Each entry needs to be retyped exactly.

^^^^^^^^

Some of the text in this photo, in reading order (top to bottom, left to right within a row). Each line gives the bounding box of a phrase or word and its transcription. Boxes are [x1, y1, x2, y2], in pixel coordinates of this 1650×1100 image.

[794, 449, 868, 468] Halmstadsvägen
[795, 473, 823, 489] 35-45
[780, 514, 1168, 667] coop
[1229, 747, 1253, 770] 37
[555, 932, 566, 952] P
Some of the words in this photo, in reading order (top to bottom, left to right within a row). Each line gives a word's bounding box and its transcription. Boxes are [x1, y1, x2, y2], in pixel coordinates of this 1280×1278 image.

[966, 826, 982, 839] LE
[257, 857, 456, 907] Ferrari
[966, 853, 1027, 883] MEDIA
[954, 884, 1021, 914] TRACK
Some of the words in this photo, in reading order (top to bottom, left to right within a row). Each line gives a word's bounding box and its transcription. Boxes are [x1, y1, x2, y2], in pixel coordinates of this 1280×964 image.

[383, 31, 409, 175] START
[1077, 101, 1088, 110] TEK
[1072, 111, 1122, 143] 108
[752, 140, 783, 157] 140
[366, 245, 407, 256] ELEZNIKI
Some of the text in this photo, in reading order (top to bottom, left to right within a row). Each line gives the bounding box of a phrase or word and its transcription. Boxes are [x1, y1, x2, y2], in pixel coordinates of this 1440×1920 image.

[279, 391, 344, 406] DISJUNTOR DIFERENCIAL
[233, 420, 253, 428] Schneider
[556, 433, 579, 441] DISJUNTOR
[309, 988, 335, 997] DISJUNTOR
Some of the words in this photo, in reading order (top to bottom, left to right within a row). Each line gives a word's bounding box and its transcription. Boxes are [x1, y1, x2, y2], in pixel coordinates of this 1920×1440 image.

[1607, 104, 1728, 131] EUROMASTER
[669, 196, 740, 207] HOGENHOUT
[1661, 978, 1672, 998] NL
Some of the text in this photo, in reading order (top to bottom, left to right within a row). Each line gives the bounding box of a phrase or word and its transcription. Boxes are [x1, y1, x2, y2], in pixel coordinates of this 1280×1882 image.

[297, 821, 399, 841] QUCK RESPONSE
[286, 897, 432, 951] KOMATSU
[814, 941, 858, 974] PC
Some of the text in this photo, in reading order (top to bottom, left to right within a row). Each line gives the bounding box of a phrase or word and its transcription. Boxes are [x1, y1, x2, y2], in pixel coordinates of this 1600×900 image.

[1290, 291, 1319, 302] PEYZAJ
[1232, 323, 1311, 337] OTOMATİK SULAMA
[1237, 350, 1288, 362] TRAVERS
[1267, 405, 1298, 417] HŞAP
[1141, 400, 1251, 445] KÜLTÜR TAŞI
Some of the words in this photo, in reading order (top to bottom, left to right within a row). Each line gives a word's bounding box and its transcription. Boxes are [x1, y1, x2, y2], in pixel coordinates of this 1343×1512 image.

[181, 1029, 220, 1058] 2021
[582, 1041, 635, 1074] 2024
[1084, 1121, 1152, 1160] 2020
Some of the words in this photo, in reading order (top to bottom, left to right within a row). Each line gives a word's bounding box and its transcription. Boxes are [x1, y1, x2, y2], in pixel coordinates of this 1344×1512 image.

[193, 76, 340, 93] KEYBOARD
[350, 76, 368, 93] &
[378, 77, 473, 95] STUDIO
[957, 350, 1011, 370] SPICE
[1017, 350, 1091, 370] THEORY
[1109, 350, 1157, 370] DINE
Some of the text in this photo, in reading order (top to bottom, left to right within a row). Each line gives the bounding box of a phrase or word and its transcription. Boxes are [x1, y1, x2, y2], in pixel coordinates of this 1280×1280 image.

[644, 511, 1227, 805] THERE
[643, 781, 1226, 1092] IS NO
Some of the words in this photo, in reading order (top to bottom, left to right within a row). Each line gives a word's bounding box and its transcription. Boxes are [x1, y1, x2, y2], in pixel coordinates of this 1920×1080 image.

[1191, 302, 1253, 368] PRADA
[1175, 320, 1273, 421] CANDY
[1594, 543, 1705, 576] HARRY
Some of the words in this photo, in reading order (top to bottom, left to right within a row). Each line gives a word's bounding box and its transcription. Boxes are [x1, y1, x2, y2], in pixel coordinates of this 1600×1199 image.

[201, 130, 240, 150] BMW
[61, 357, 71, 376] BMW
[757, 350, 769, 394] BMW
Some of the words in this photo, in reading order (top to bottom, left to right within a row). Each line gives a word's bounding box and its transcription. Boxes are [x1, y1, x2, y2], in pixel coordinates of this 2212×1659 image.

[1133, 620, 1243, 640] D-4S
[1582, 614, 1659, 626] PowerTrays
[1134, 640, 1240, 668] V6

^^^^^^^^

Reply to the task:
Some of the text in this photo, in reading order (top to bottom, left to right within a row). Each line gives the bounding box of a phrase or word and its transcription. Boxes are [x1, y1, x2, y2], in pixel coordinates of this 1650×1100 image.

[794, 449, 868, 468] Halmstadsvägen
[795, 473, 823, 489] 35-45
[780, 514, 1168, 667] coop
[1229, 747, 1253, 770] 37
[555, 932, 566, 952] P
Some of the words in this photo, in reading order (top to bottom, left to right within a row). Each line gives a word's bounding box and its transcription. Boxes are [x1, y1, x2, y2], in pixel coordinates of this 1280×1278 image.

[966, 826, 982, 839] LE
[257, 857, 456, 907] Ferrari
[966, 853, 1027, 883] MEDIA
[954, 884, 1021, 914] TRACK
Some of the words in this photo, in reading order (top to bottom, left to right within a row). Each line gives a word's bounding box and its transcription. Boxes are [x1, y1, x2, y2], in pixel coordinates of this 1280×964 image.

[383, 31, 409, 175] START
[1077, 101, 1088, 110] TEK
[1072, 111, 1122, 143] 108
[752, 140, 783, 157] 140
[366, 245, 407, 256] ELEZNIKI
Some of the text in this photo, in reading order (top to bottom, left to right within a row). Each line gives the bounding box of a phrase or word and its transcription. Boxes are [x1, y1, x2, y2], in pixel coordinates of this 1440×1920 image.

[279, 391, 344, 406] DISJUNTOR DIFERENCIAL
[233, 420, 253, 428] Schneider
[556, 433, 579, 441] DISJUNTOR
[309, 988, 335, 997] DISJUNTOR
Some of the words in this photo, in reading order (top to bottom, left to right within a row). Each line gives a word's bounding box and its transcription. Boxes are [x1, y1, x2, y2], in pixel coordinates of this 1920×1440 image.

[1607, 104, 1728, 131] EUROMASTER
[669, 196, 740, 207] HOGENHOUT
[1661, 978, 1672, 998] NL
Some of the text in this photo, in reading order (top to bottom, left to right within a row). Each line gives the bounding box of a phrase or word and its transcription. Boxes are [x1, y1, x2, y2], in pixel coordinates of this 1280×1882 image.

[297, 821, 399, 841] QUCK RESPONSE
[286, 897, 432, 951] KOMATSU
[814, 941, 858, 974] PC
Some of the text in this photo, in reading order (top to bottom, left to right within a row). Each line gives the bounding box of a phrase or word and its transcription. Boxes are [x1, y1, x2, y2], in pixel coordinates of this 1600×900 image.

[1290, 291, 1319, 302] PEYZAJ
[1232, 323, 1311, 337] OTOMATİK SULAMA
[1237, 350, 1288, 362] TRAVERS
[1267, 405, 1298, 417] HŞAP
[1141, 400, 1251, 445] KÜLTÜR TAŞI
Some of the words in this photo, in reading order (top to bottom, left to right within a row). Each line gives a word's bounding box and its transcription. Boxes are [x1, y1, x2, y2], in pixel coordinates of this 1343×1512 image.

[181, 1029, 220, 1058] 2021
[582, 1041, 635, 1074] 2024
[1084, 1121, 1152, 1160] 2020
Some of the words in this photo, in reading order (top to bottom, left to right within a row). Each line gives a word's bounding box and its transcription. Boxes are [x1, y1, x2, y2], in pixel coordinates of this 1344×1512 image.

[193, 76, 340, 93] KEYBOARD
[350, 76, 368, 93] &
[378, 77, 473, 95] STUDIO
[957, 350, 1011, 370] SPICE
[1017, 350, 1091, 370] THEORY
[1109, 350, 1157, 370] DINE
Some of the text in this photo, in reading order (top to bottom, left to right within a row). Each line gives the bounding box of a phrase or word and its transcription. Boxes are [x1, y1, x2, y2], in pixel coordinates of this 1280×1280 image.

[644, 511, 1227, 805] THERE
[643, 781, 1226, 1092] IS NO
Some of the words in this photo, in reading order (top to bottom, left to right within a row). Each line gives a word's bounding box and its transcription. Boxes are [x1, y1, x2, y2], in pixel coordinates of this 1920×1080 image.

[1191, 302, 1253, 368] PRADA
[1175, 320, 1273, 421] CANDY
[1594, 543, 1705, 576] HARRY
Some of the words in this photo, in reading order (top to bottom, left to right within a row). Each line gives a word's bounding box and its transcription. Boxes are [x1, y1, x2, y2], in pixel coordinates of this 1600×1199 image.

[201, 130, 240, 150] BMW
[61, 357, 71, 376] BMW
[757, 350, 769, 394] BMW
Some of the words in this photo, in reading order (top to bottom, left to right within a row). Each line gives a word's bounding box and its transcription. Boxes are [x1, y1, x2, y2], in pixel coordinates of this 2212×1659 image.

[1133, 620, 1243, 640] D-4S
[1582, 614, 1659, 626] PowerTrays
[1134, 640, 1240, 668] V6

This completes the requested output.